[Collected data]

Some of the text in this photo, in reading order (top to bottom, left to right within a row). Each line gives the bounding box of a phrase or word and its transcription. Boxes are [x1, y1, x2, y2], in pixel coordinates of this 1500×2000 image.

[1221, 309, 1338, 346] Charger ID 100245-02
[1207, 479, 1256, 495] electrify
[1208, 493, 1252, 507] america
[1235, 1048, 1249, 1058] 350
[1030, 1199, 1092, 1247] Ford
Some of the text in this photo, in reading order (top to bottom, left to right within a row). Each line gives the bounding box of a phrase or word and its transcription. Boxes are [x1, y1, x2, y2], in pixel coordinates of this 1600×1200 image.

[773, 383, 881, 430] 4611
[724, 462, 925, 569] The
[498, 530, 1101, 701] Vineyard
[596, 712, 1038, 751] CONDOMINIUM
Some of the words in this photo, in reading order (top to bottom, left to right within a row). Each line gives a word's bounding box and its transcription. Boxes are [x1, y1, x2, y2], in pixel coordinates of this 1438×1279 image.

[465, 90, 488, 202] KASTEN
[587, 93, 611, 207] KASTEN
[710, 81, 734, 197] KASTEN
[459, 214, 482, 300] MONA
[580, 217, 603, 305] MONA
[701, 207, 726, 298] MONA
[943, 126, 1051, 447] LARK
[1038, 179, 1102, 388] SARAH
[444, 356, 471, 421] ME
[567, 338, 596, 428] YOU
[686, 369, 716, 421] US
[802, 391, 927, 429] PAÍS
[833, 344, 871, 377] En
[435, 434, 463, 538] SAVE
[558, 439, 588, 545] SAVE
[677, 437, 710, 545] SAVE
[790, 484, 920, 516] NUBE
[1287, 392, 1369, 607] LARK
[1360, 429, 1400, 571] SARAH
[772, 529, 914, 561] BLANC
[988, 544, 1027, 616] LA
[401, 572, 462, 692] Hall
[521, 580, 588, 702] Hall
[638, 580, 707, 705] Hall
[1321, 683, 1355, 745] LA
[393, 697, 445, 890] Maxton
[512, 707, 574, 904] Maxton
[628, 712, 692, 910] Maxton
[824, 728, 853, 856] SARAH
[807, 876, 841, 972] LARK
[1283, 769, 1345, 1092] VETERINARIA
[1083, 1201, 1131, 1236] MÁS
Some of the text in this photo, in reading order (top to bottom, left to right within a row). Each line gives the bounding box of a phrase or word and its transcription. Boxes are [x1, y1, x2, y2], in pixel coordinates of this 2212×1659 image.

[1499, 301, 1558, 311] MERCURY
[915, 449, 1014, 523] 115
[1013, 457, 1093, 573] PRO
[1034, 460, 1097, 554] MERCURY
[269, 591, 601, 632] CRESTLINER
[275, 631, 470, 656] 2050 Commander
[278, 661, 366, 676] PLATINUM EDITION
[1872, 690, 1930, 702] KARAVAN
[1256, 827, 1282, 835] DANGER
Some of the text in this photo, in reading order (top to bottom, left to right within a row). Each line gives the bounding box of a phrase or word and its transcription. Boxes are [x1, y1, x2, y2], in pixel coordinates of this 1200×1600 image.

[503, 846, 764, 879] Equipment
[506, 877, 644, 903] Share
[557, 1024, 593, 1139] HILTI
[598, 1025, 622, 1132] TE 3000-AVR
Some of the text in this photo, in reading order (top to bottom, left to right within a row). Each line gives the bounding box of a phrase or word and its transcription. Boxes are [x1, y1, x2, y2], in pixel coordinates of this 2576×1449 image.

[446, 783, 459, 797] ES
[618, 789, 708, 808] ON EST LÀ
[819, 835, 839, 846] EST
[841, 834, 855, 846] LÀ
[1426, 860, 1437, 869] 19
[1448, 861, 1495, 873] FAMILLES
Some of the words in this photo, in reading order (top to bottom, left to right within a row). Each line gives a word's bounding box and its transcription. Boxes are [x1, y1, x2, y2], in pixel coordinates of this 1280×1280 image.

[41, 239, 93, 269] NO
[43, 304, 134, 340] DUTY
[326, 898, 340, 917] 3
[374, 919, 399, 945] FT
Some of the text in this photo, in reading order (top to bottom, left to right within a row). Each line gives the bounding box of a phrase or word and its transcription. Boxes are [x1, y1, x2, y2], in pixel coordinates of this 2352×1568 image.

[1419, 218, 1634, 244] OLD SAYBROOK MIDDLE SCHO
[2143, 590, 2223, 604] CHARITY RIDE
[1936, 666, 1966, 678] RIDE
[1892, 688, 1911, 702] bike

▶ _Description of the task_
Output each entry exactly. Leave none out.

▶ _Solution below_
Some of the text in this photo, in reading order (top to bottom, left to right within a row). Each line gives the bounding box of a phrase or word and its transcription. Boxes are [x1, y1, x2, y2], in pixel coordinates of this 1500×2000 image.

[1221, 309, 1338, 346] Charger ID 100245-02
[1207, 479, 1256, 495] electrify
[1208, 493, 1252, 507] america
[1235, 1048, 1249, 1058] 350
[1030, 1199, 1092, 1247] Ford
Some of the text in this photo, in reading order (top to bottom, left to right within a row). Each line gives the bounding box of a phrase or word and its transcription. Boxes are [x1, y1, x2, y2], in pixel coordinates of this 1600×1200 image.

[773, 383, 881, 430] 4611
[724, 462, 925, 569] The
[498, 530, 1101, 701] Vineyard
[596, 712, 1038, 751] CONDOMINIUM
Some of the words in this photo, in reading order (top to bottom, left to right within a row). Each line gives a word's bounding box and its transcription. Boxes are [x1, y1, x2, y2], in pixel coordinates of this 1438×1279 image.

[465, 90, 488, 202] KASTEN
[587, 93, 611, 207] KASTEN
[710, 81, 734, 197] KASTEN
[459, 214, 482, 300] MONA
[580, 217, 603, 305] MONA
[701, 207, 726, 298] MONA
[943, 126, 1051, 447] LARK
[1038, 179, 1102, 388] SARAH
[444, 356, 471, 421] ME
[567, 338, 596, 428] YOU
[686, 369, 716, 421] US
[802, 391, 927, 429] PAÍS
[833, 344, 871, 377] En
[435, 434, 463, 538] SAVE
[558, 439, 588, 545] SAVE
[677, 437, 710, 545] SAVE
[790, 484, 920, 516] NUBE
[1287, 392, 1369, 607] LARK
[1360, 429, 1400, 571] SARAH
[772, 529, 914, 561] BLANC
[988, 544, 1027, 616] LA
[401, 572, 462, 692] Hall
[521, 580, 588, 702] Hall
[638, 580, 707, 705] Hall
[1321, 683, 1355, 745] LA
[393, 697, 445, 890] Maxton
[512, 707, 574, 904] Maxton
[628, 712, 692, 910] Maxton
[824, 728, 853, 856] SARAH
[807, 876, 841, 972] LARK
[1283, 769, 1345, 1092] VETERINARIA
[1083, 1201, 1131, 1236] MÁS
Some of the text in this photo, in reading order (top to bottom, left to right within a row). Each line gives the bounding box of a phrase or word and its transcription. Boxes are [x1, y1, x2, y2], in pixel coordinates of this 2212×1659 image.

[1499, 301, 1558, 311] MERCURY
[915, 449, 1014, 523] 115
[1013, 457, 1093, 573] PRO
[1034, 460, 1097, 554] MERCURY
[269, 591, 601, 632] CRESTLINER
[275, 631, 470, 656] 2050 Commander
[278, 661, 366, 676] PLATINUM EDITION
[1872, 690, 1930, 702] KARAVAN
[1256, 827, 1282, 835] DANGER
Some of the text in this photo, in reading order (top to bottom, left to right within a row). Each line gives the bounding box of a phrase or word and its transcription. Boxes are [x1, y1, x2, y2], in pixel coordinates of this 1200×1600 image.

[503, 846, 764, 879] Equipment
[506, 877, 644, 903] Share
[557, 1024, 593, 1139] HILTI
[598, 1025, 622, 1132] TE 3000-AVR
Some of the text in this photo, in reading order (top to bottom, left to right within a row). Each line gives the bounding box of a phrase or word and its transcription. Boxes are [x1, y1, x2, y2], in pixel coordinates of this 2576×1449 image.

[446, 783, 459, 797] ES
[618, 789, 708, 808] ON EST LÀ
[819, 835, 839, 846] EST
[841, 834, 855, 846] LÀ
[1426, 860, 1437, 869] 19
[1448, 861, 1495, 873] FAMILLES
Some of the words in this photo, in reading order (top to bottom, left to right within a row). Each line gives a word's bounding box and its transcription. Boxes are [x1, y1, x2, y2], in pixel coordinates of this 1280×1280 image.

[41, 239, 93, 269] NO
[43, 304, 134, 340] DUTY
[326, 898, 340, 917] 3
[374, 919, 399, 945] FT
Some of the text in this photo, in reading order (top to bottom, left to right within a row). Each line gives the bounding box of a phrase or word and its transcription. Boxes are [x1, y1, x2, y2], in pixel coordinates of this 2352×1568 image.

[1419, 218, 1634, 244] OLD SAYBROOK MIDDLE SCHO
[2143, 590, 2223, 604] CHARITY RIDE
[1936, 666, 1966, 678] RIDE
[1892, 688, 1911, 702] bike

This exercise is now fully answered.